The entries below are to be given back exactly, with images excluded.

**Phrase grounding data:**
____
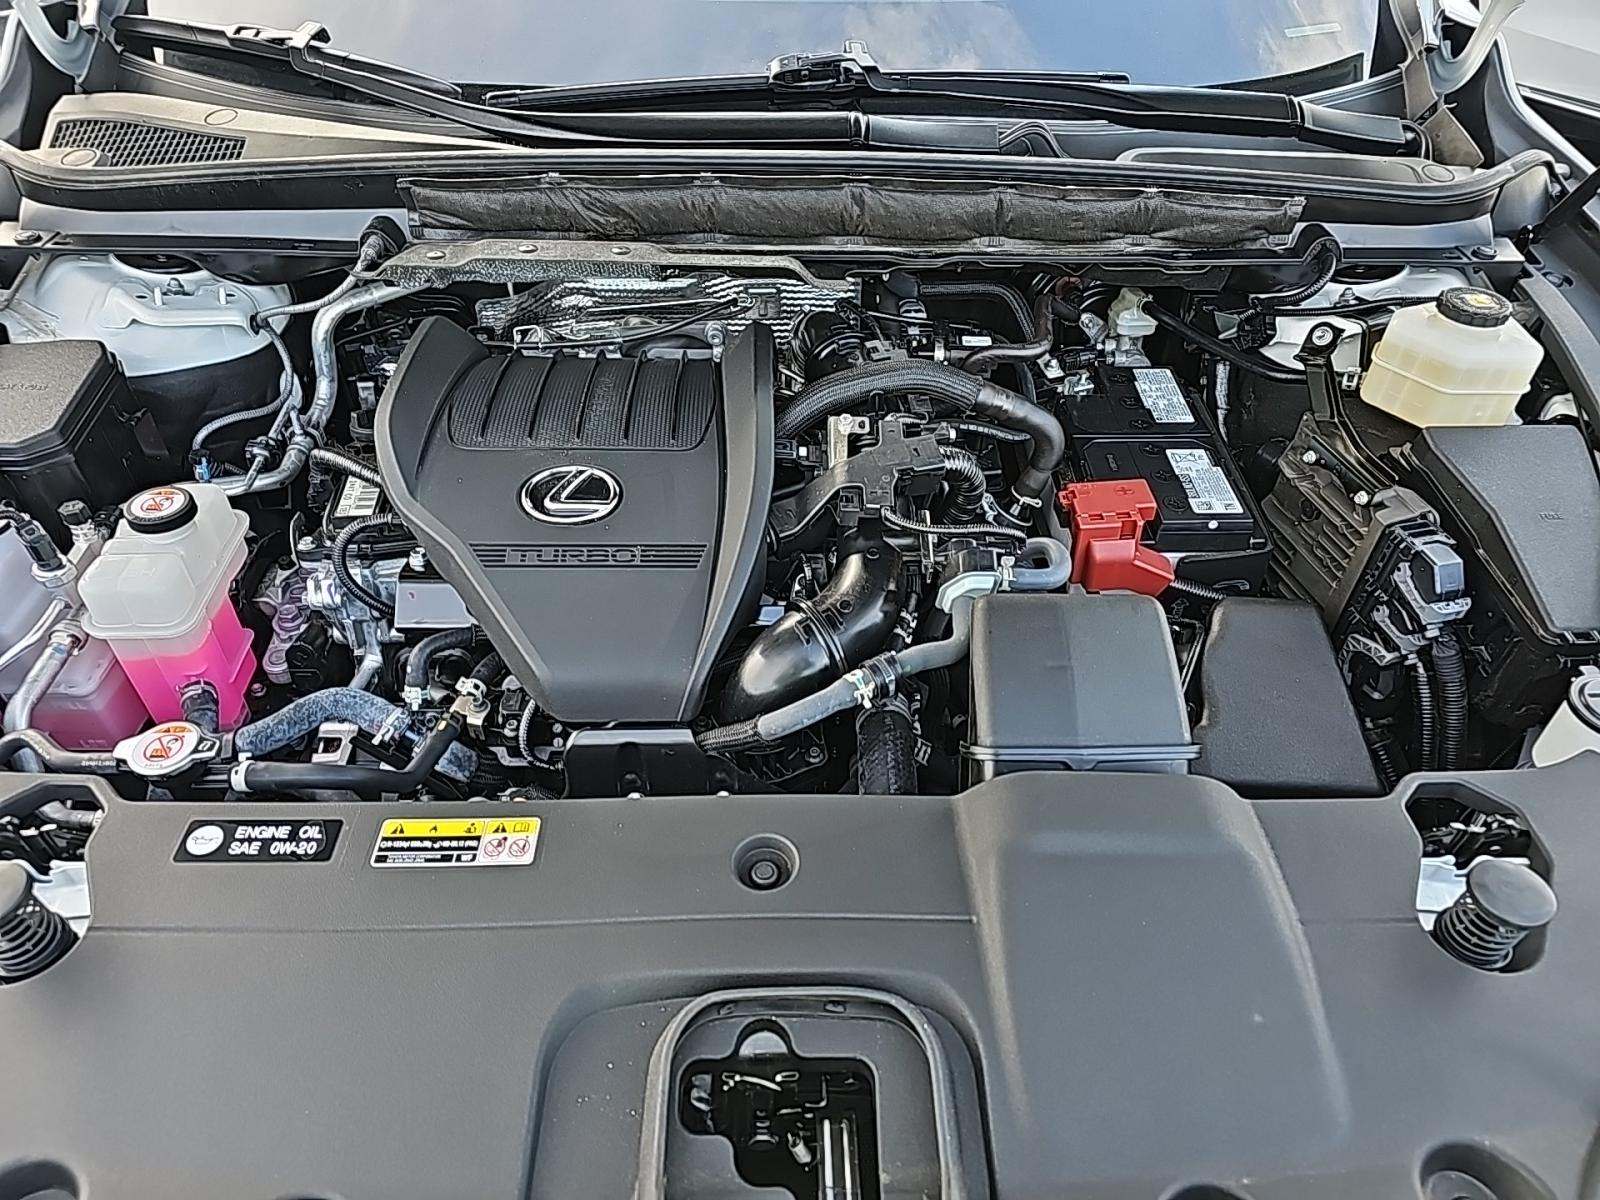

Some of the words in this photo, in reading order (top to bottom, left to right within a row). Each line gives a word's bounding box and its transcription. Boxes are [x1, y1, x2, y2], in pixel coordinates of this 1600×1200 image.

[505, 548, 640, 564] TURBO
[234, 825, 292, 839] ENGINE
[299, 825, 323, 839] OIL
[228, 841, 262, 855] SAE
[269, 841, 318, 855] 0W-20
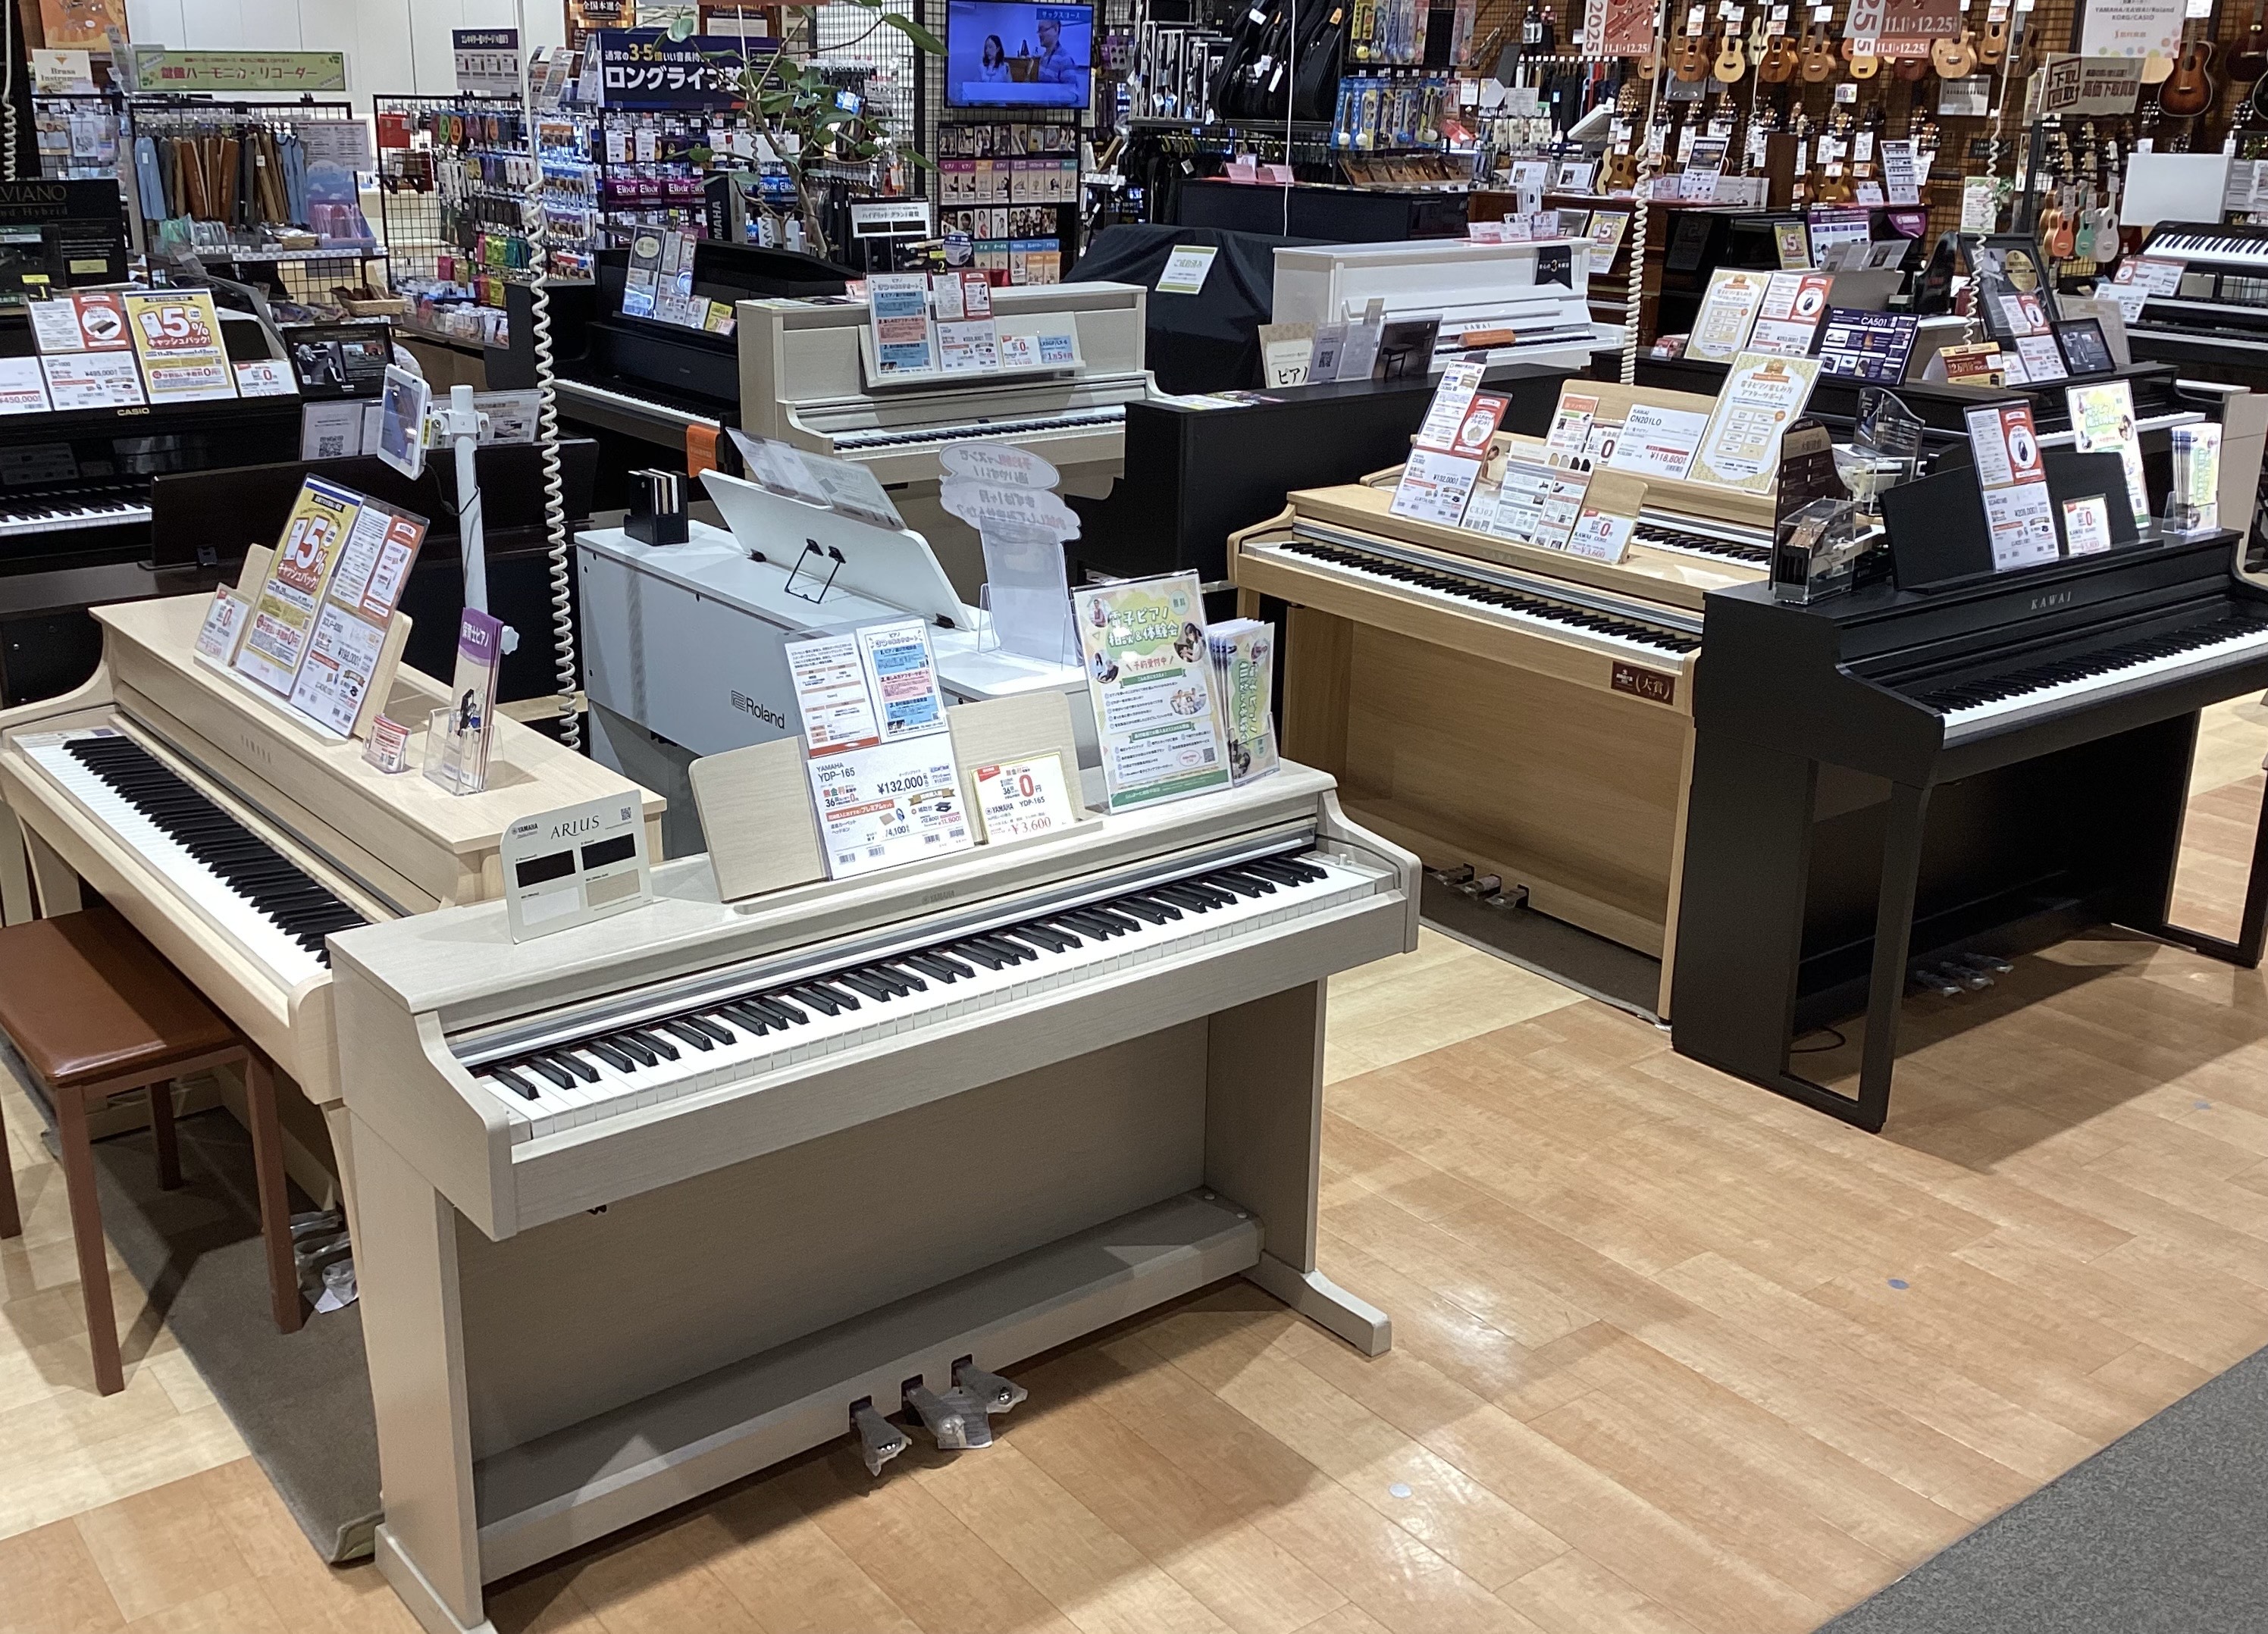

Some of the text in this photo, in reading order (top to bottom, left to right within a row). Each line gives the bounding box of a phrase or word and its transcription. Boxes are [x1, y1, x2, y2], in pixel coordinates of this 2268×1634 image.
____
**WRITTEN RESPONSE:**
Some of the words in this photo, in reading order (top to bottom, left to right within a row). Each line gives a word's bounding box and its transcription. Boxes are [x1, y1, x2, y2], in pixel coordinates of this 1600×1200 image.

[505, 548, 640, 564] TURBO
[234, 825, 292, 839] ENGINE
[299, 825, 323, 839] OIL
[228, 841, 262, 855] SAE
[269, 841, 318, 855] 0W-20

Some of the text in this photo, in reading order (top to bottom, left to right within a row). Each line gives the bounding box of a phrase or word and its transcription. Boxes are [x1, y1, x2, y2], in pixel coordinates of this 2268×1634 image.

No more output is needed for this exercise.